O moço, que não era de esquadra, ainda tentou convencer os pais com uma elocução cuidada, como aprendera nas aulas de Português do 12º ano recém terminado cum laude, que invertessem a ordem dos acontecimentos. Ou seja, alvitrou que era mais curial ir primeiro de férias para o Algarve, e com os banhos de sol, que lhe escureceriam a pele depois dos banhos de mar, logo regressaria a casa, abençoado de ideias sobre como conseguir que o seu futuro deitasse sombra sobre todo e qualquer outro projeto de qualquer filho de amigos do mesmo patamar social.

Os pais sorriram, ambos de mão dada, sem desdenharem da nova habilidade do filho para estabelecer planos alternativos aos por eles desenhados. Mas recusaram contemplá-la.

Logo o moço, se vislumbrou, entalado na enorme mesa de jantar de lá de casa, para dez dias depois apresentar a sua oração definitiva de avanço sobre o seu futuro.

Ideia não tinha nenhuma. O futuro era um avanço destemperado no tempo que muito o assustava.

Durante os anos de escola, o futuro era estudar para as aulas do dia seguinte e responder a uma ou outra questão colocada pelos professores, cuja resposta estava escrita num dos livros da prateleira do quarto. A mochila cheia de papelada usada era a caixa de pandora de onde tinham finalmente escapado todos os males da sua infância e juventude e que estava cheia de esperança de que, a curiosidade, fosse a chave dos longínquos dias em que fosse dono do seu destino.

E agora apercebia-se que, como por artes mágicas, o seu destino tinha de ficar descrito numas folhas de papel que ainda teria de ir à livraria comprar.

Vestiu uma das t shirts novas que os pais lhe tinham oferecido, abriu a porta da frente de casa, desceu no elevador, atravessou o átrio onde o porteiro fardado lhe deu uns respeitosos bons dias e chegou à rua inundada da luz de um verão que chegava.

Um pensamento estranho cruzou-lhe a mente. “Teria o verão futuro”? O futuro do verão seria o outono? E o deste o inverno? Pareceu-lhe subitamente que estava metido num ciclo de acontecimentos onde ele mesmo, o moço que não era de esquadra, fazia o papel de uma daquelas folhas que o vento revolteava.

Era jovem, diziam-lhe. O futuro estava-lhe mesmo ali na frente. Mas tudo quanto conseguia distinguir era o passeio da rua onde morava desde que se lembrava. Uma espécie de agonia fê-lo voltar-se e olhar para trás.

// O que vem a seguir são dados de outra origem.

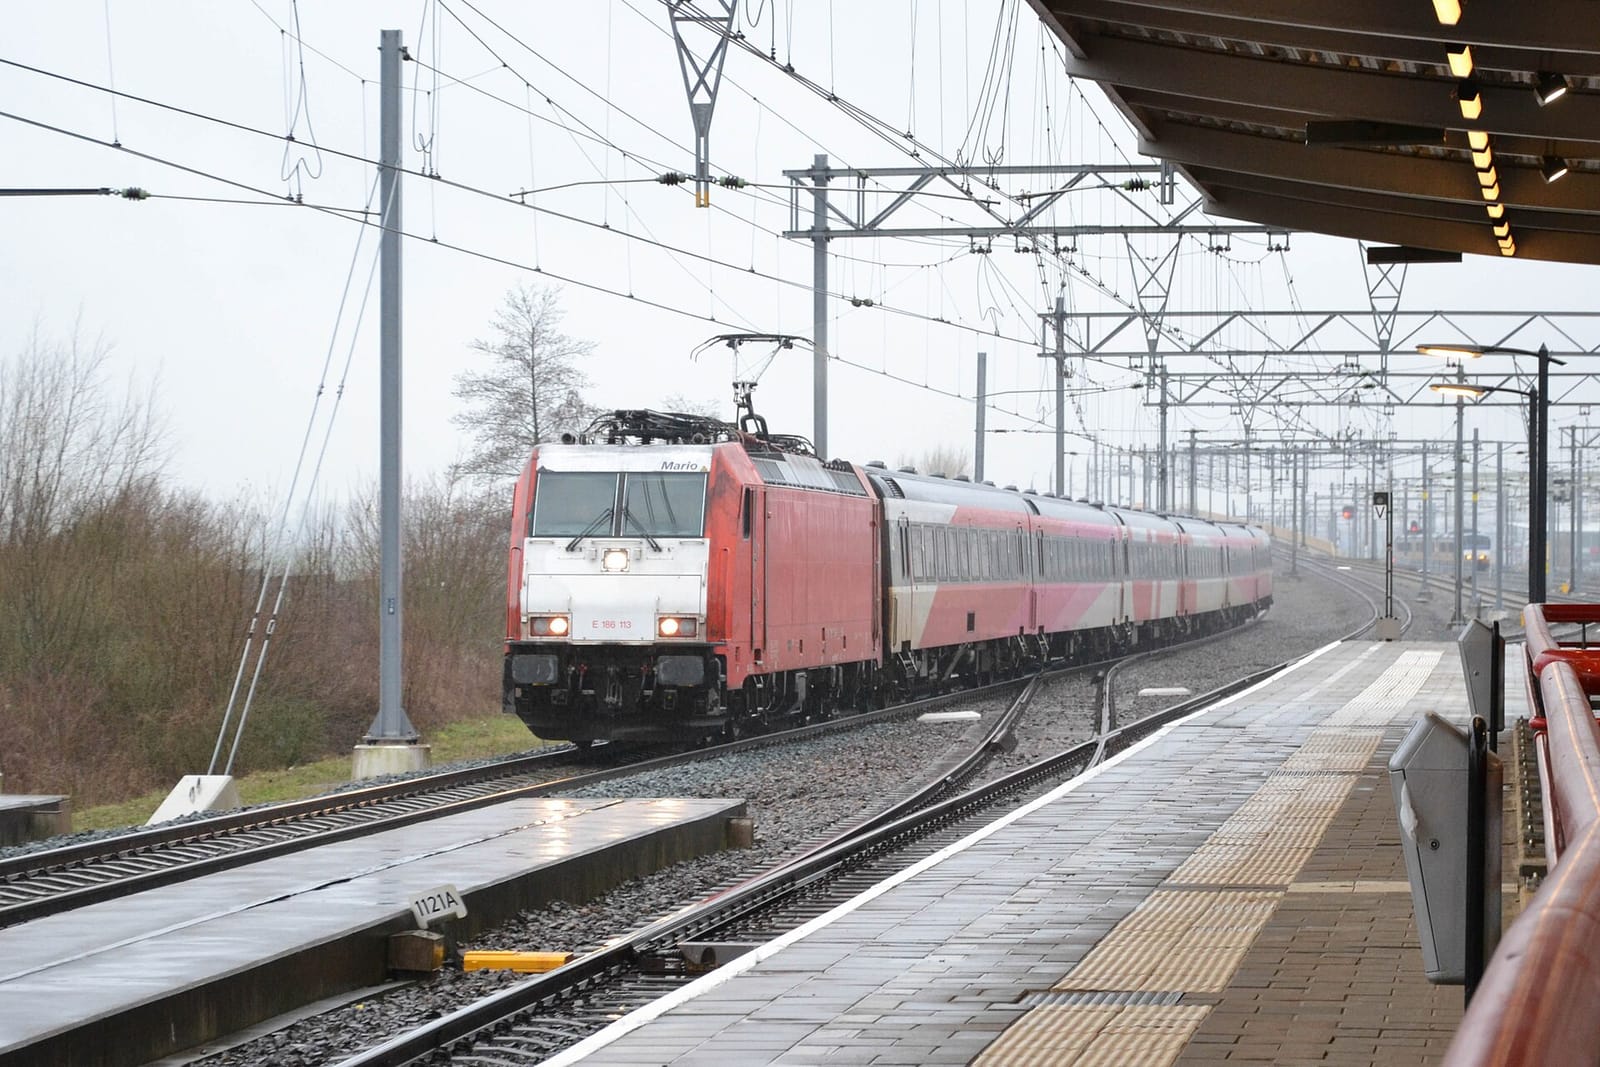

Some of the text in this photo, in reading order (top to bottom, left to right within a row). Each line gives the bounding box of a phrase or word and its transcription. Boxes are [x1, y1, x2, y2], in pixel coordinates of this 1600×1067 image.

[661, 461, 698, 471] Mario
[1375, 506, 1385, 519] V
[592, 620, 632, 629] E 186 113
[415, 891, 459, 917] 1121A

Aquele rapazinho que ali vinha ali corajosamente a pedalar no triciclo, vestido de azul, seguido pela mãe encorajadora que o incitava à velocidade, seria ele mesmo? Talvez o tempo lhe estivesse a pregar uma partida fazendo-o regressar ao futuro, mostrando-lhe o passado.

Seria aquele menino o seu futuro filho e aquela mulher distinta e esperançada, a esposa que os pais projetavam levar-lhe ao altar?

Entre entrar na papelaria e comprar papel almaço estava um momento chave.

Lembrou-se da lâmpada de Aladino que lhe iluminava uma noite de tempestade quando, sendo menino, na cama, assustado, a Alina, a empregada, a história lhe contara.

Seria possível esfregar os candelabros da mesa de jantar para que  um génio lhe iluminasse o caminho? Ou mais valeria pesquisar no google uma daquelas histórias de sucesso de empresários que conseguiram vencer na vida? ou uma ideia caçada numa web summit e transformada na miragem de um futuro que os pais acreditavam ser o correspondente ao seu sonho de classe?

Encontrada a resposta.

Foi assim que o moço, que não era de esquadra, comprou o futuro e umas férias no Algarve.